Spoilers much? That said, you do highlight the largest flaw of B5, which was the fifth season. That's less because of any decision on JMS's part though, and more because they thought they were going to be cancelled after the fourth season. When they weren't they had to stretch and add a new season's worth of material, since the orginally planned season 5 material had been used in season 4.

russdm
2013-09-17, 05:03 PM
Spoilers much?

I was making the assumption that nearly every one had seen the show considering the sheer number that mention this show on these very forums, not this individual forum but elsewhere.

Also, a lot of the plotting got slowed down or began showing a lack of quality before season 5. The show had a really great early run then ended up hitting creatoritis, because some of the episodes do show a decent lack of quality or value. not everything in there is good, its like saying "Because it is Buffy and it is Joss Whedon, all episodes/seasons are of the highest quality", which isn't true.
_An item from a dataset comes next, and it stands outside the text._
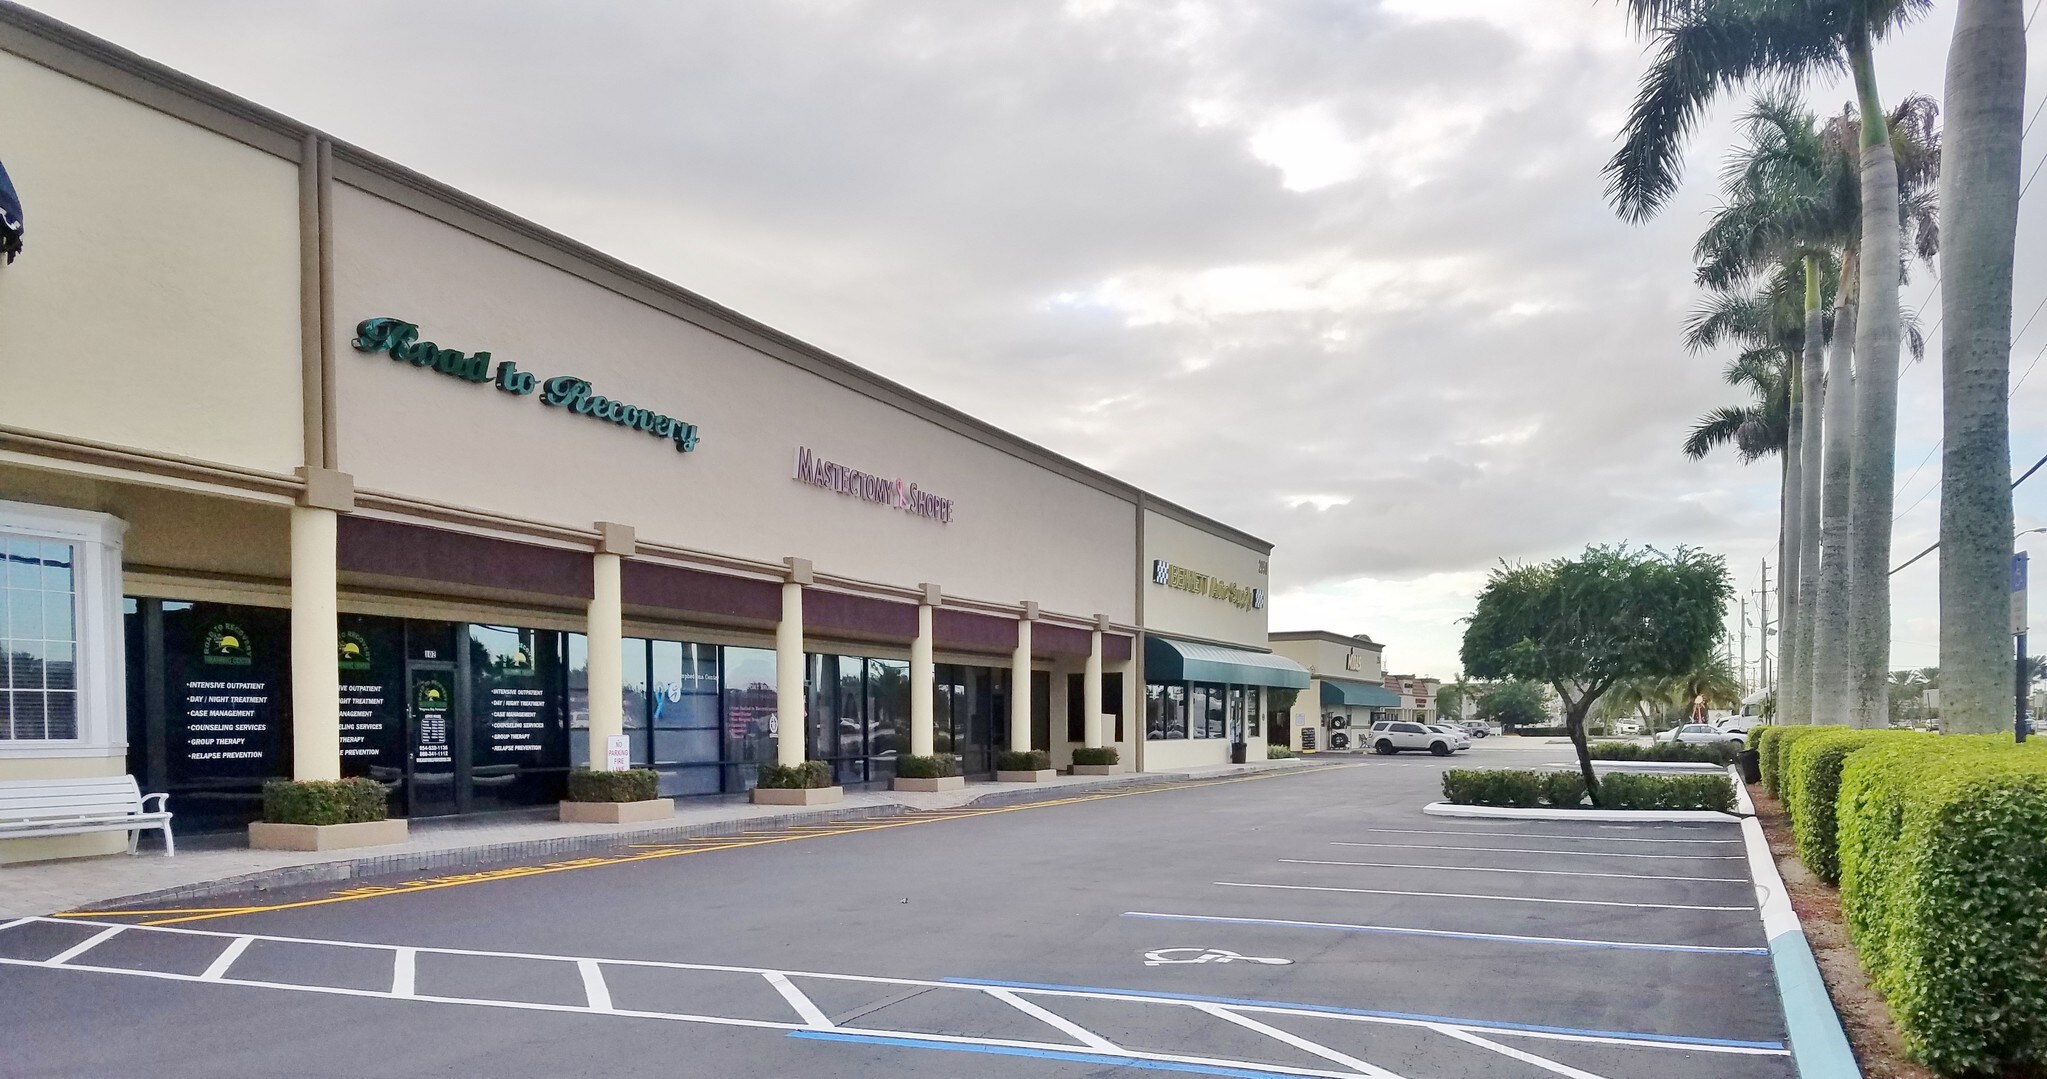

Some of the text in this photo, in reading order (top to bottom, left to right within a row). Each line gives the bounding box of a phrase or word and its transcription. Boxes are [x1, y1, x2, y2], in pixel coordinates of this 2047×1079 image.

[351, 317, 700, 453] Road to Recovery
[1168, 564, 1210, 596] BENNETT
[225, 622, 252, 656] RECOVERY
I quickly lost interest in watching buffy because it just wasn't really interesting enough and I had a hard time liking all of the characters. I loved Spike, but xander was totally meh.

Thrudd
2013-09-17, 05:42 PM
"Battered old Jedi that helps the protagonists" does crop up now and again- but not usually as the main character.

The Force Unleashed, for example. Or the Dark Empire II comic book.

Star Wars has new owners now! The chronology and previous canon are dead! I am going to write that story, Mace Windu Lives! (It will be the new "Frodo Lives" that will scrawled on subway walls by enthusiastic fans)

lol Seriously, I did start writing a story about this shortly after RoTS. Then I realized I was writing Star Wars fan-fic, and slapped myself in the face.

hamishspence
2013-09-17, 05:56 PM
Star Wars has new owners now! The chronology and previous canon are dead!

That's still a bit up in the air- and even if they retcon post-RoTJ material, they might not retcon pre-RoTJ material.